Em geral, esse tipo de recurso não tem poder para rever o resultado do julgamento e costuma ser rejeitado. Os embargos são julgados pela própria turma.

Após a análise desse recurso, o relator, ministro Alexandre de Moraes, poderá determinar o início do cumprimento das penas. Não há prazo para julgamento. 

Com o placar de 4 votos a 1, os acusados não terão direito a levar o caso para o plenário da Corte.

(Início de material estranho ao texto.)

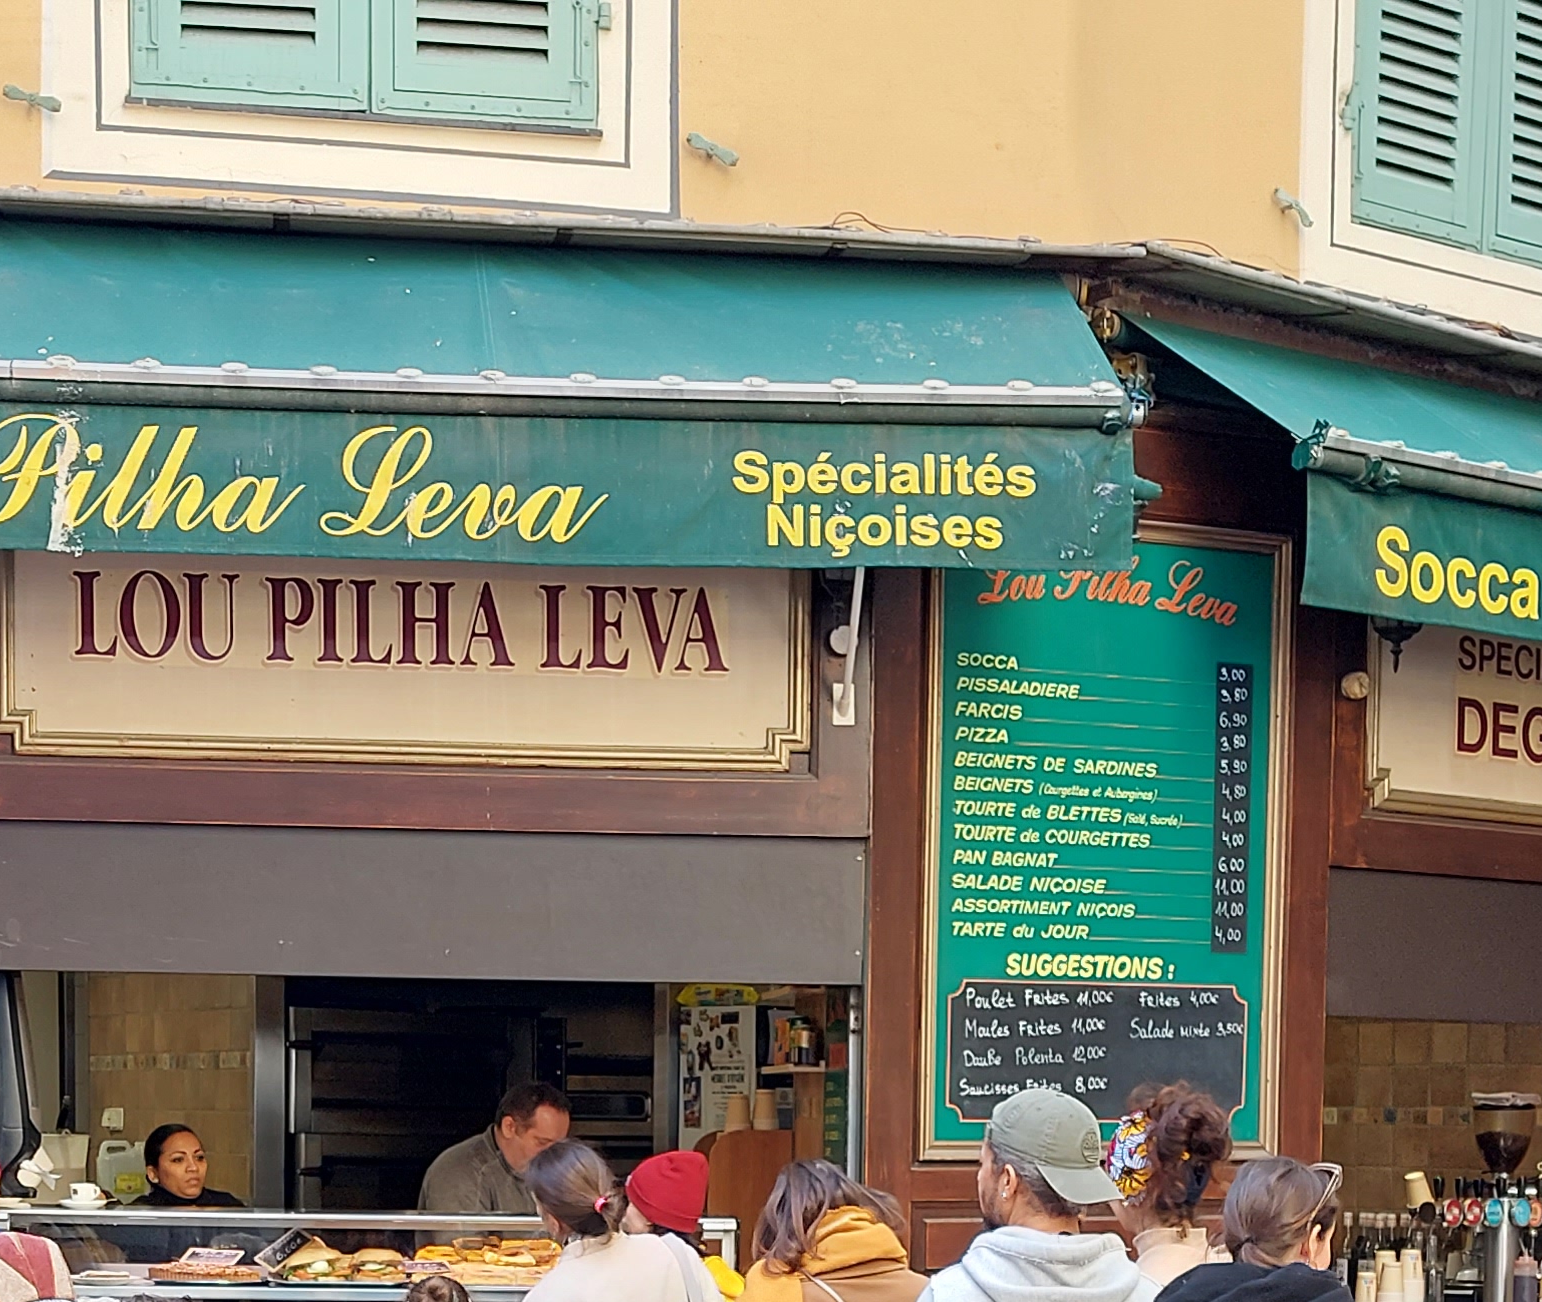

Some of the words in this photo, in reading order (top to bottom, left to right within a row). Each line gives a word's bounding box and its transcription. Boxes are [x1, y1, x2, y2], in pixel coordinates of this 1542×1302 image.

[321, 423, 608, 543] Leva
[731, 447, 1038, 500] Spécialités
[764, 500, 1005, 556] Niçoises
[1373, 525, 1540, 622] Socca
[1154, 560, 1238, 626] Leva
[69, 568, 240, 665] LOU
[264, 575, 512, 669] PILHA
[540, 583, 732, 675] LEVA
[956, 652, 1019, 670] SOCCA
[1219, 667, 1246, 682] 3,00
[956, 676, 1080, 699] PISSALADIERE
[1220, 687, 1248, 704] 3,80
[955, 701, 1023, 720] FARCIS
[955, 726, 1009, 744] PIZZA
[1220, 734, 1247, 752] 3,80
[954, 751, 1038, 770] BEIGNETS
[1043, 756, 1066, 772] DE
[1073, 758, 1158, 778] SARDINES
[954, 775, 1034, 794] BEIGNETS
[1221, 783, 1247, 801] 4,80
[954, 800, 1017, 817] TOURTE
[1021, 804, 1041, 819] de
[1046, 804, 1122, 823] BLETTES
[1222, 807, 1246, 826] 4,00
[954, 824, 1017, 842] TOURTE
[1020, 828, 1040, 843] de
[1044, 829, 1151, 848] COURGETTES
[1222, 831, 1244, 849] 4,00
[953, 849, 987, 865] PAN
[991, 850, 1058, 868] BAGNAT
[951, 873, 1023, 891] SALADE
[1029, 877, 1107, 895] NIÇOISE
[951, 898, 1072, 915] ASSORTIMENT
[1076, 902, 1136, 919] NIÇOIS
[951, 921, 1007, 937] TARTE
[1012, 923, 1035, 939] du
[1040, 924, 1090, 940] JOUR
[1214, 925, 1241, 945] 4,00
[966, 987, 1016, 1009] Poulet
[964, 1018, 1010, 1039] Moules
[1129, 1017, 1174, 1039] Salade
[963, 1048, 1002, 1068] Daube
[1015, 1047, 1064, 1066] Polenta
[959, 1078, 1020, 1096] Saucisses

Para conseguir que o caso fosse julgado novamente pelo pleno, os acusados precisavam obter pelo menos dois votos pela absolvição, ou seja, placar mínimo de 3 votos a 2. Nesse caso, os embargos infringentes poderiam ser protocolados contra a decisão.

Prisão

Os réus não devem ficar em celas comuns. Oficiais do Exército têm direito à prisão especial, de acordo com o Código de Processo Penal (CPP). O núcleo 1 tem cinco militares do Exército, um da Marinha e dois delegados da Polícia Federal, que também podem ser beneficiados pela restrição.

São eles:

  • Alexandre Ramagem (delegado da PF e deputado federal), ex-diretor da Agência Brasileira de Inteligência (Abin);
  • Almir Garnier (almirante), ex-comandante da Marinha;
  • Anderson Torres (delegado da PF), ex-ministro da Justiça e ex-secretário de segurança do Distrito Federal;
  • Augusto Heleno (general),  ex-ministro do Gabinete de Segurança Institucional;
  • Jair Bolsonaro (capitão);
  • Paulo Sérgio Nogueira (general), ex-ministro da Defesa;
  • Walter Braga Netto (general), ex-ministro de Bolsonaro e candidato à vice na chapa de 2022.

O ex-ajudante de ordens de Bolsonaro, Mauro Cid, assinou acordo de delação premiada com a Polícia Federal e não vai cumprir pena.